First quarter net income from continuing operations was $121 million ($1.66 per diluted share), compared with $72 million ($0.99 per diluted share) in the first quarter of 2014. The increase resulted primarily from the growth in operating income.
For the three months ended March 31, 2015, net cash provided by operating activities was $80 million and Free Cash Flow2 was $62 million. These amounts represent an increase of $6 million and a decrease of $6 million, respectively, compared to the prior year period. The decrease in Free Cash Flow was primarily related to an increase in capital expenditures which more than offset the improved operating performance.
- Comparative results affected by the Chellomedia and BBC AMERICA acquisitions in 2014.
- See definition of Adjusted Operating Cash Flow (“AOCF”) and Free Cash Flow included in the discussion of non-GAAP financial measures on page 3 of this earnings release.
National Networks principally consists of the Company’s five nationally distributed programming networks, AMC, WE tv, BBC AMERICA, IFC and SundanceTV.

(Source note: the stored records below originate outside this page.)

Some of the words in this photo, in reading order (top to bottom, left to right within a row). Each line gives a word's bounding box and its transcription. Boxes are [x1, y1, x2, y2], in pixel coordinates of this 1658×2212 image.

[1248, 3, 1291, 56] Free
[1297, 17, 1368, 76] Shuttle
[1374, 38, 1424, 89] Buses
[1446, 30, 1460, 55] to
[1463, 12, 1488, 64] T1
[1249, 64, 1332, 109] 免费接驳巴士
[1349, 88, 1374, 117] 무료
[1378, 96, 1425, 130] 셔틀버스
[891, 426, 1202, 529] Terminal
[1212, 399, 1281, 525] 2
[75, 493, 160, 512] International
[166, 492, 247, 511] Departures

National Networks revenues for the first quarter 2015 increased 25.4% to $563 million, AOCF grew 42.5% to $253 million, and operating income rose 42.5% to $240 million, all compared to the prior year period.

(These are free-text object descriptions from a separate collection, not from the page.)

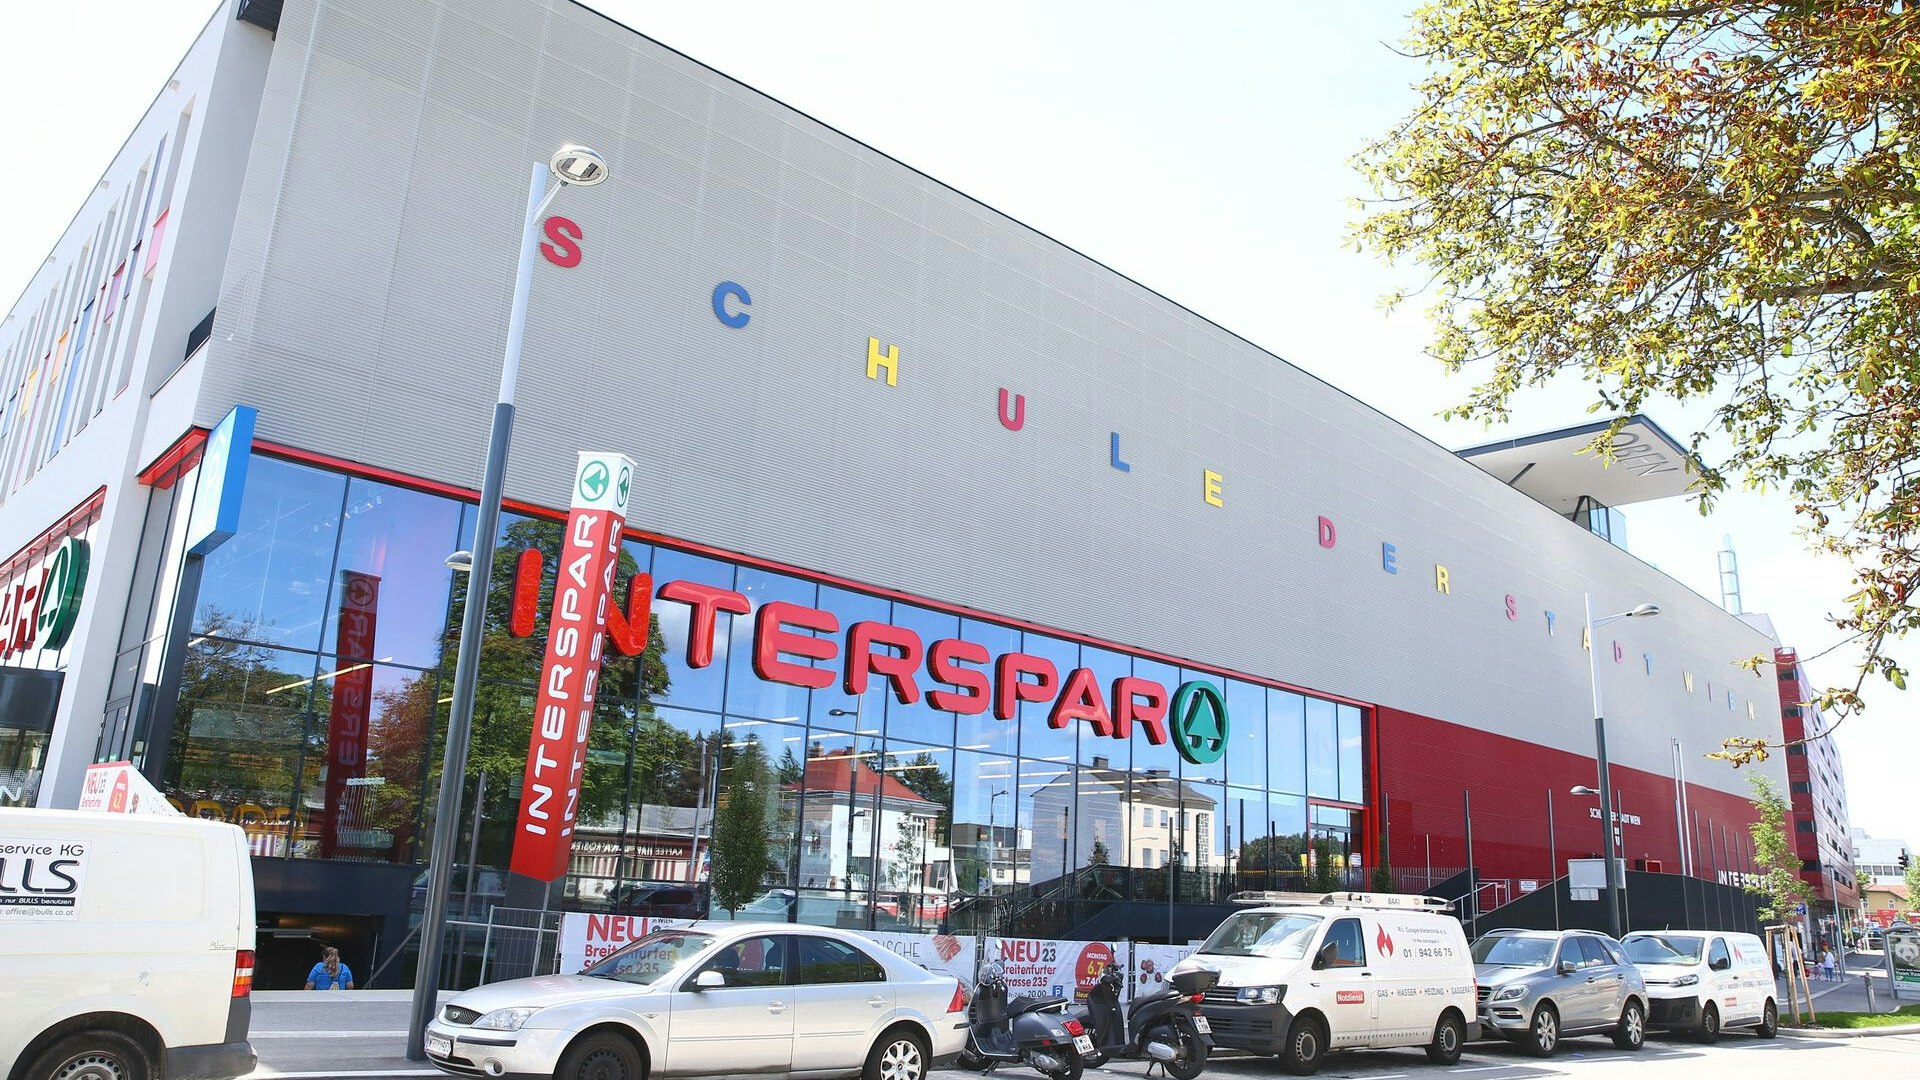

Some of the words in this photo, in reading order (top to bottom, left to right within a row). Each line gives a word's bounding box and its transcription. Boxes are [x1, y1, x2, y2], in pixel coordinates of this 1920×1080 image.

[540, 215, 1223, 508] SCHULE
[1318, 515, 1450, 595] DER
[1505, 594, 1653, 676] STADT
[1683, 671, 1755, 720] WIEN
[525, 512, 599, 836] INTERSPAR
[561, 518, 622, 837] INTERSPAR
[60, 844, 84, 856] KG
[586, 914, 648, 942] NEU
[1001, 940, 1040, 962] NEU
[1042, 948, 1056, 962] 23
[1086, 952, 1107, 960] MONTAG
[1403, 948, 1412, 957] 01
[1419, 948, 1432, 957] 942
[1433, 948, 1443, 957] 66
[1443, 948, 1453, 957] 75
[1032, 977, 1048, 987] 235
[1338, 993, 1363, 1002] Notdienst
[1377, 989, 1388, 998] GAS
[1424, 988, 1444, 996] HEIZUNG

Growth in revenues was primarily led by a 25.3% increase in advertising revenues to $260 million. The increase in advertising revenues was due to strong demand for our original programming, primarily at AMC, as well as the inclusion of BBC AMERICA in the current year period. Distribution revenues increased 25.6% to $302 million. The growth in distribution revenues was primarily attributable to increases in affiliate fees, including the inclusion of BBC AMERICA, as well as increases in licensing revenues.

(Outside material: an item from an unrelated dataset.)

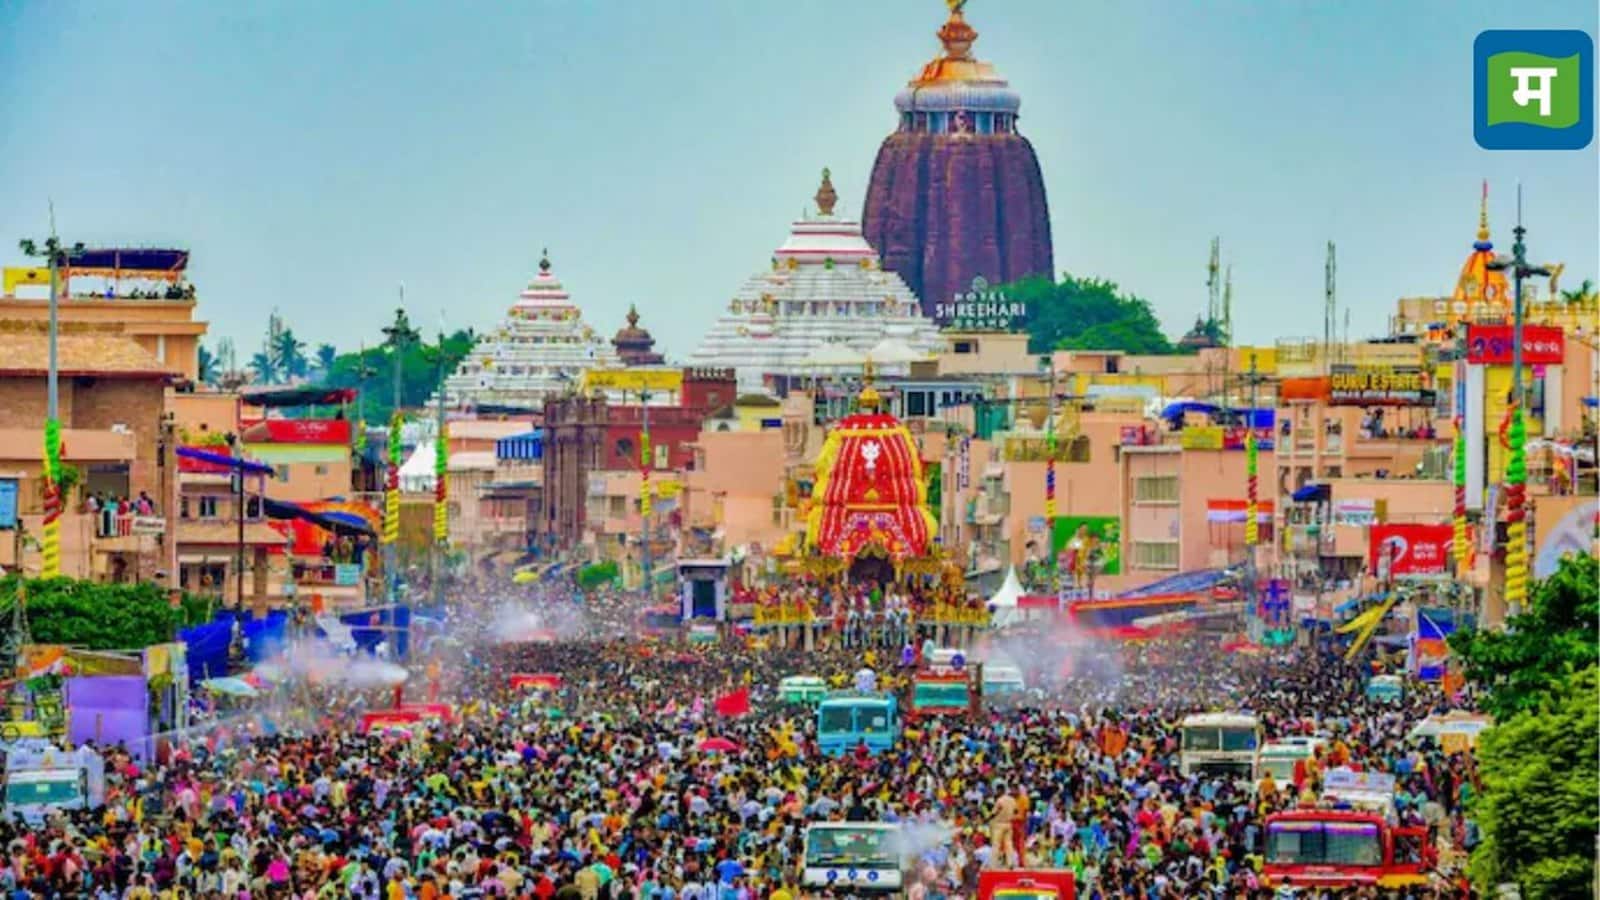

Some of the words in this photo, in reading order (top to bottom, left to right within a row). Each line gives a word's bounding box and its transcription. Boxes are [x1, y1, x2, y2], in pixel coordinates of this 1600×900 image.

[953, 292, 1006, 302] HOTEL
[935, 303, 1026, 318] SHREEHARI
[1332, 373, 1368, 390] GURU
[1371, 373, 1422, 391] ESTATE

First quarter AOCF increased 42.5% to $253 million reflecting the increase in revenues partially offset by an increase in operating expenses. The increase in operating expenses was primarily attributable to higher programming expenses as well as the inclusion of BBC AMERICA in the current year period. The increase in operating income primarily reflected the growth in AOCF.
International and Other
International and Other principally consists of AMC Networks International, the Company’s international programming business; IFC Films, the Company’s independent film distribution business; and various developing online content distribution initiatives.
International and Other revenues for the first quarter of 2015 increased $30 million to $106 million, AOCF improved $17 million to $6 million, and operating loss decreased $11 million to $10 million, all compared to the prior year period.
First quarter revenues increased primarily as a result of the Company’s acquisition of Chellomedia.
First quarter AOCF primarily reflected the impact of the Chellomedia acquisition, most notably the absence of $14 million in acquisition related costs incurred in the prior year period as well as the inclusion of three months of activity in the current year period (as compared to two months of activity in the prior year period). Operating loss results reflected the improvement in AOCF, partially offset by an increase in depreciation and amortization expense.
BBC AMERICA Transaction
As previously disclosed, on October 23, 2014, the Company entered into a long-term equity partnership agreement with BBC Worldwide. Under the terms of the agreement, the Company invested $200 million to acquire a 49.9% equity stake in the cable channel BBC AMERICA. The Company has operational control of BBC AMERICA and its results are included in the Company’s consolidated statement of income from the agreement date, October 23, 2014, to March 31, 2015, which affects the comparability of our results.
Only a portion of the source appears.